Shopware Design

Toast

Source
Deprecated. Use Snackbar instead.

Usage

Toast is short-lived, action-bound feedback for confirming a save or reporting that something failed. Use the positive and informal types for non-critical feedback that can disappear on its own, and the critical type for problems the user should not miss. Add dismissible or an action when the message needs a manual close control or a single follow-up such as Undo, and keep messages to a few words since toasts are brief and not persistent.

import { MtToast } from "@shopware-ag/meteor-component-library";

Anatomy

Toast renders a host that you mount once, usually near the app shell. It does not own the toast state.

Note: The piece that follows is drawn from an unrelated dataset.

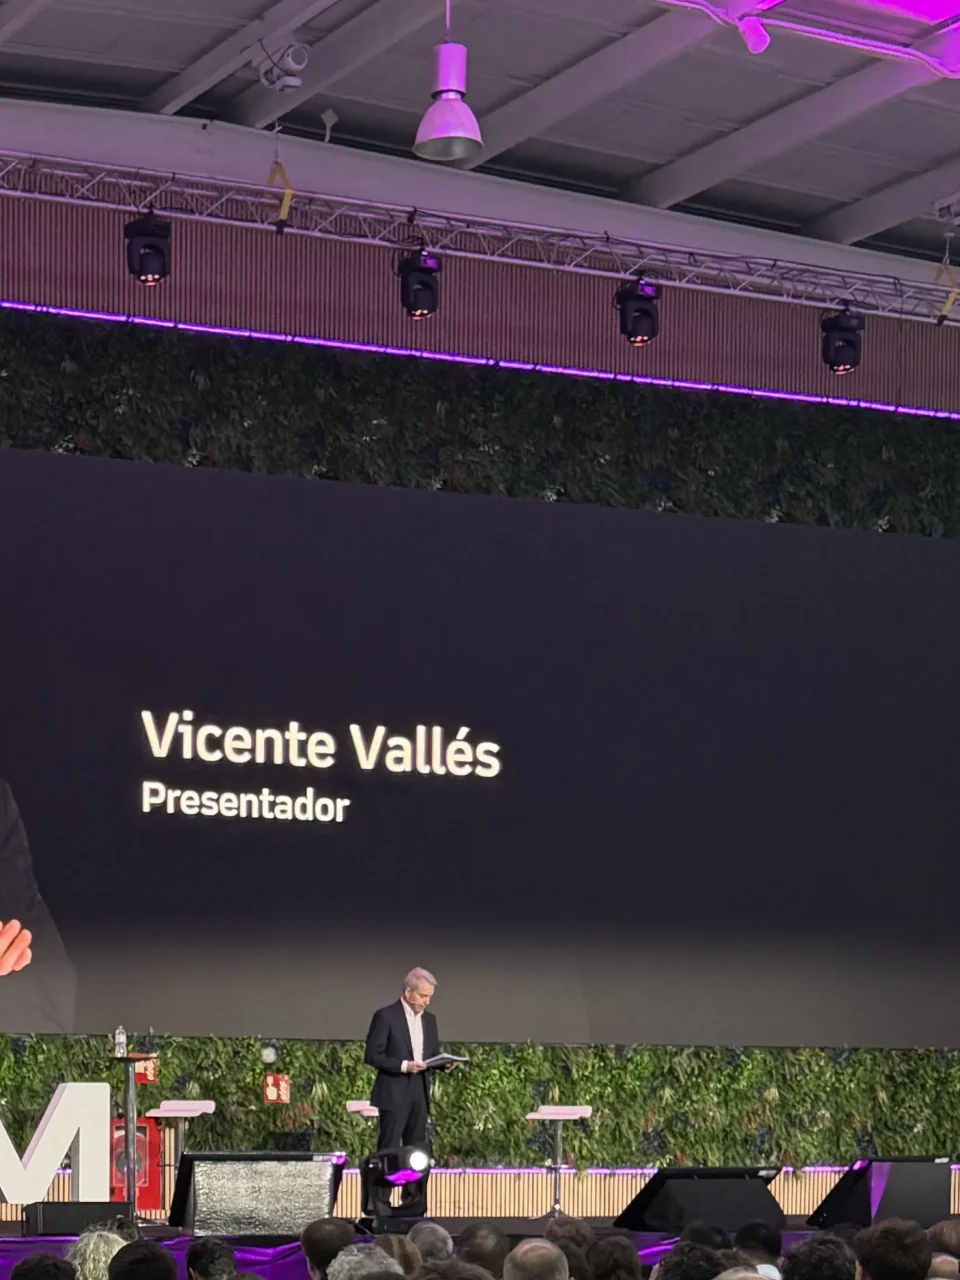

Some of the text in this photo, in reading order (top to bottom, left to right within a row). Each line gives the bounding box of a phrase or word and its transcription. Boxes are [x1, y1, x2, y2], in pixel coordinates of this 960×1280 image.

[141, 710, 501, 778] Vicente Vallés
[142, 781, 350, 823] Presentador
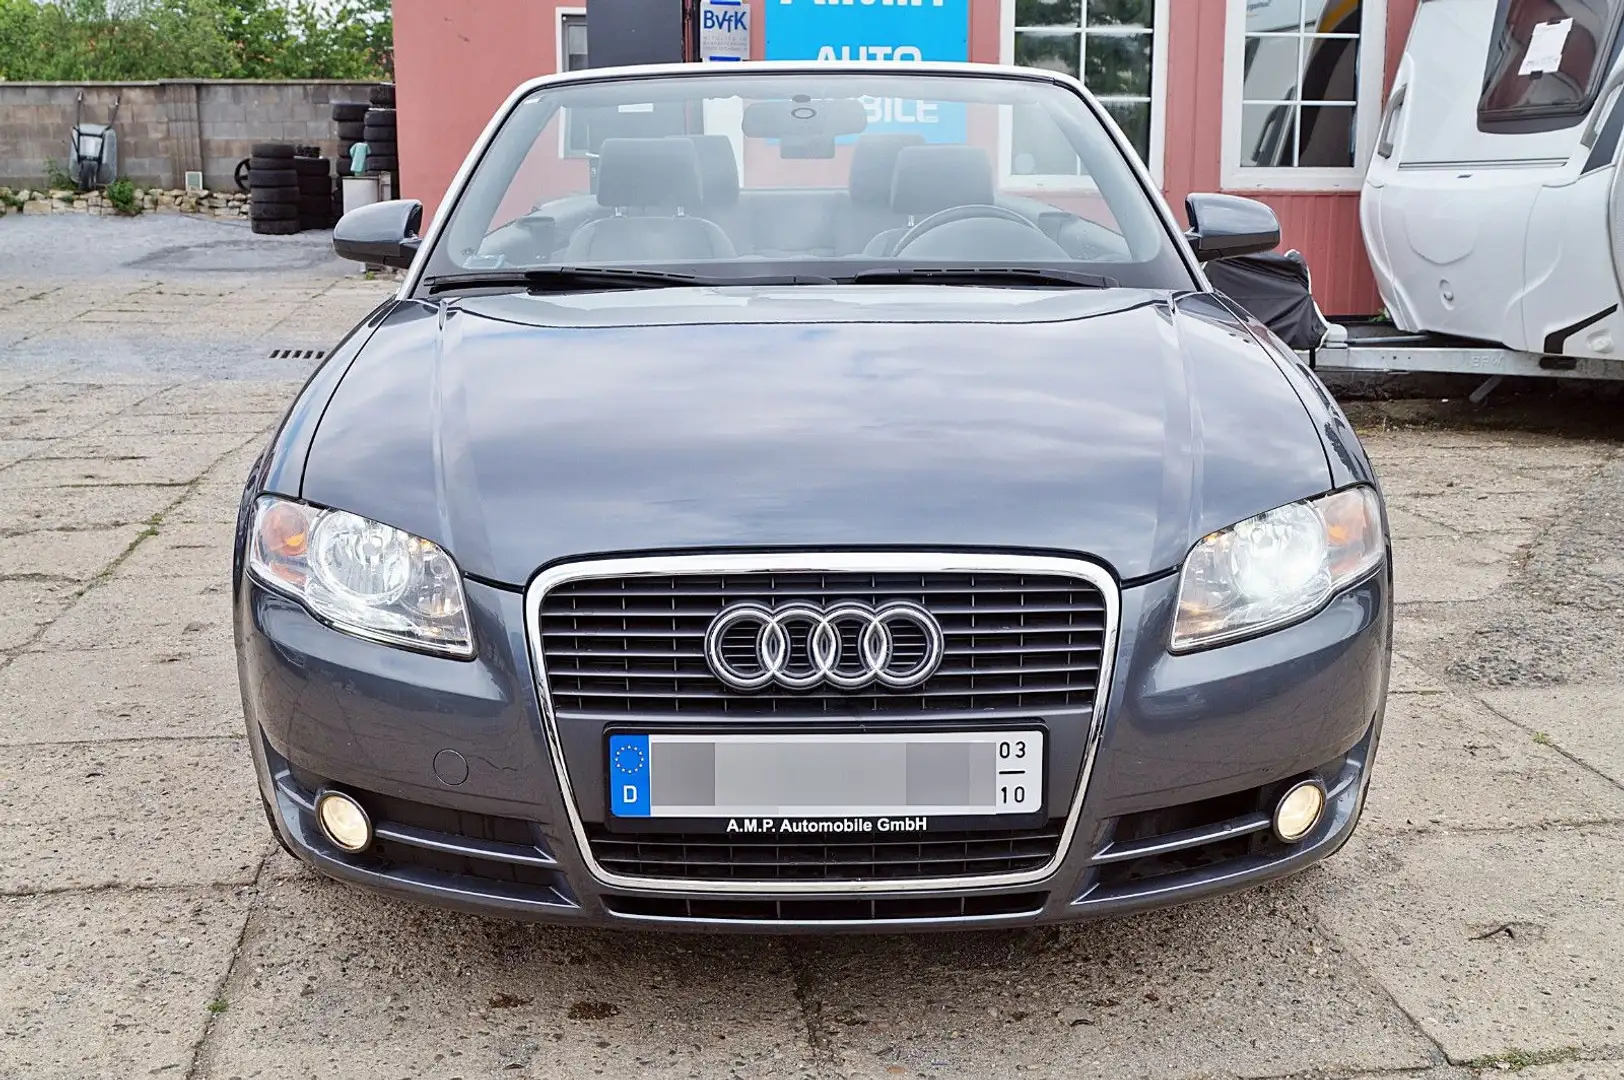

You pass the current toasts through the toasts prop and remove a toast from your own list when the component emits remove-toast.

<script setup lang="ts">
import { ref } from "vue";
import { MtToast, type Toast } from "@shopware-ag/meteor-component-library";

const toasts = ref<Toast[]>([]);

function addToast() {
  toasts.value = [{ id: crypto.randomUUID(), type: "positive", msg: "Changes saved" }, ...toasts.value];
}

function removeToast(id: Toast["id"]) {
  toasts.value = toasts.value.filter((toast) => toast.id !== id);
}
</script>

<template>
  <button type="button" @click="addToast">Show toast</button>
  <mt-toast :toasts="toasts" @remove-toast="removeToast" />
</template>

Toast

The exported Toast type describes a single notification in the toasts list. Prepend new toasts so the most recent one appears first.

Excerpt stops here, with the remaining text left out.